After eight successful years as an independent television producer in Los Angeles – overseeing such shows as “The Surreal Life” on VH1 and “The Mole” on ABC – Rabih Gholam is currently working at MTV headquarters in New York City, as an executive producer in production development. His job involves developing the next breakout hit for the pioneering music video channel.

Gholam, who majored in history at ASU, didn’t begin his professional life looking for a job in television. “I moved to LA after graduation because I wanted to work for a corporation like Xerox,” he said. But thanks to the intervention of a friend, he landed the coveted position of page at NBC. “That was really a toe in the door,” he said. "I thought I’d climb my way up the NBC ladder and end up president.”

Recently married, Gholam is happy with his new life on the east coast. As for the state of reality TV, the seasoned producer sees no end in sight. “It is a genre now, like sitcoms, dramas or newsmagazines,” he said. “Reality TV has changed the landscape of television.”

Vani Kola, 41, ’87 M.S.E.

Opportunity knocked, she answered

Fellow executives may be surprised to hear that one of Vani Kola’s most enthusiastic coaches of her business career is her 12-year-old daughter. However, Kola, who built the two companies she founded, RightWorks and Certus Software, into multi-million dollar successes, says that after leaving Certus in August, her daughter encouraged her to try her hand at starting another company, saying she made a "really good” CEO.

"My family has never made me feel guilty about my work,” she said. “They’ve always been proud.”

Kola, originally from India, has built her career on tracking trends and needs in software and offering good products ahead of the curve.
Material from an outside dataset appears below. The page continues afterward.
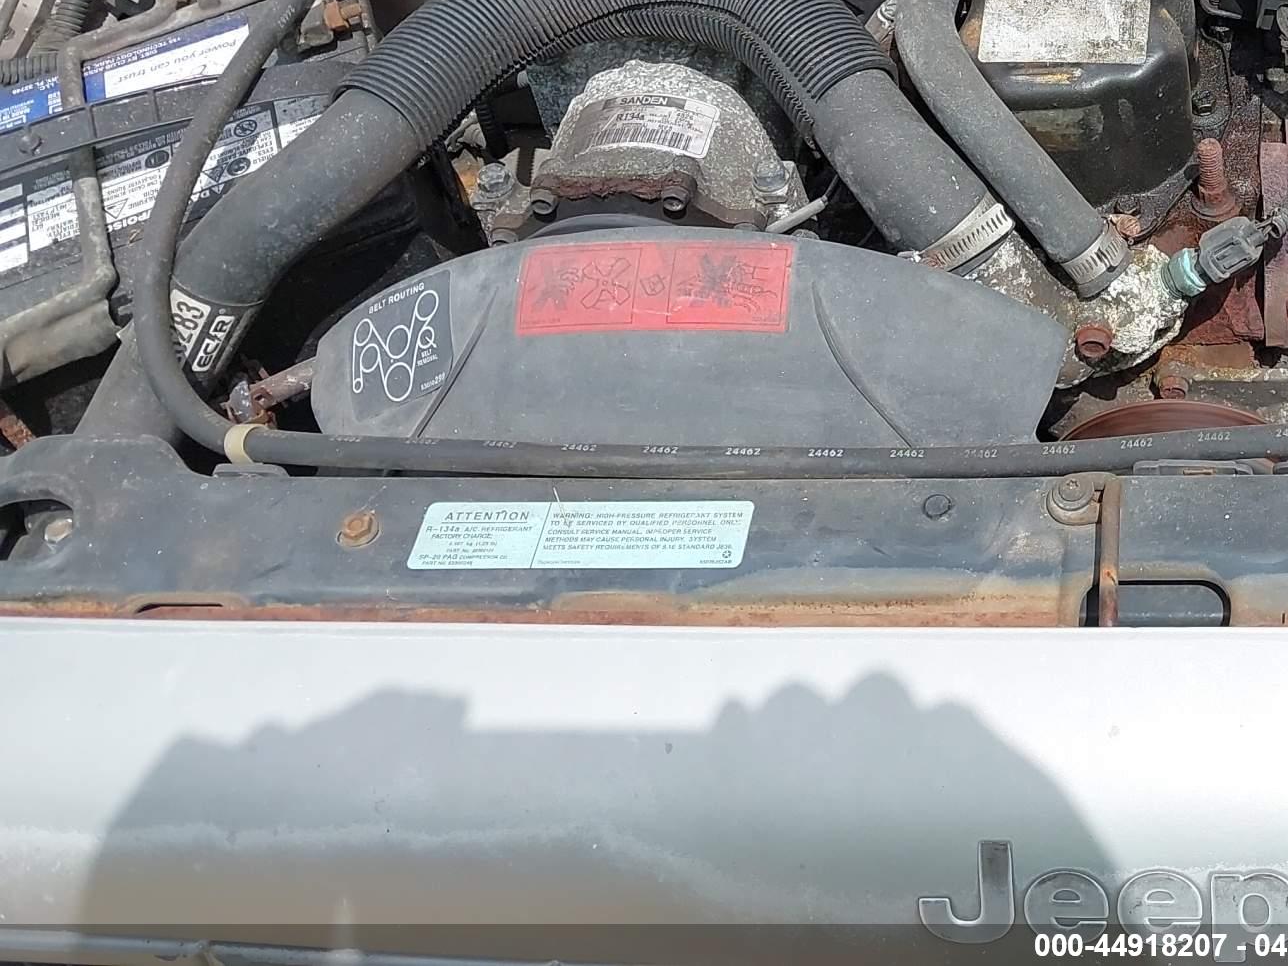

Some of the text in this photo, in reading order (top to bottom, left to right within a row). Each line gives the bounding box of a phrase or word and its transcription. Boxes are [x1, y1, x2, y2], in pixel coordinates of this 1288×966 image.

After spending eight years as a manager and engineer at Consilium and Control Data Corporation, Kola founded RightWorks, a company offering e-procurement solutions. When she left the company in 2000, the company sold for $667 million dollars. In 2001, she followed up that success by founding Certus, which provides publicly held companies with software that helps them comply with the rigorous Sarbanes-Oxley Act, which mandates high levels of financial accountability.

Kola said it was her ability to take disconnected “data points” and see a pattern ahead of competitors that allowed her to develop products that have done well in the marketplace. While she is pleased with how well her companies have done, she’s not surprised.

"I should be surprised, but I’m not. I expected to succeed,” she said. “Someone once told me, "Your doubt is the first step to failure,’ and that’s true.”

After some time off, Kola plans to step back into business, either as an entrepreneurial advisor or with another company of her own. Whatever the challenge turns out to be, Kola says she’s ready for it.

"Opportunities don’t come wrapped in a box with instructions that gets dropped in your path,” she said. “They come when you do something you’ve never done before.”

Sambo Dul, 22, ’05 B.A.,’05 B.A., ’05 B.S
Jessica Wanke, 24, ’03 B.A.

Anchor women

Torture, genocide, oppression, civil war — the clients served by the organization led by Jessica Wanke and Sambo Dul have seen the very worst that humanity has to offer. Both women have been involved in Refugee Resettlement Volunteers, a volunteer organization founded by Dul in 2003, to fill in the gaps in the resettlement process and provide a point of stability, or “anchor” in industry jargon, for refugee families moving to the Valley of the Sun who have no friends or family in the United States to provide mentoring or cultural adaptation skills.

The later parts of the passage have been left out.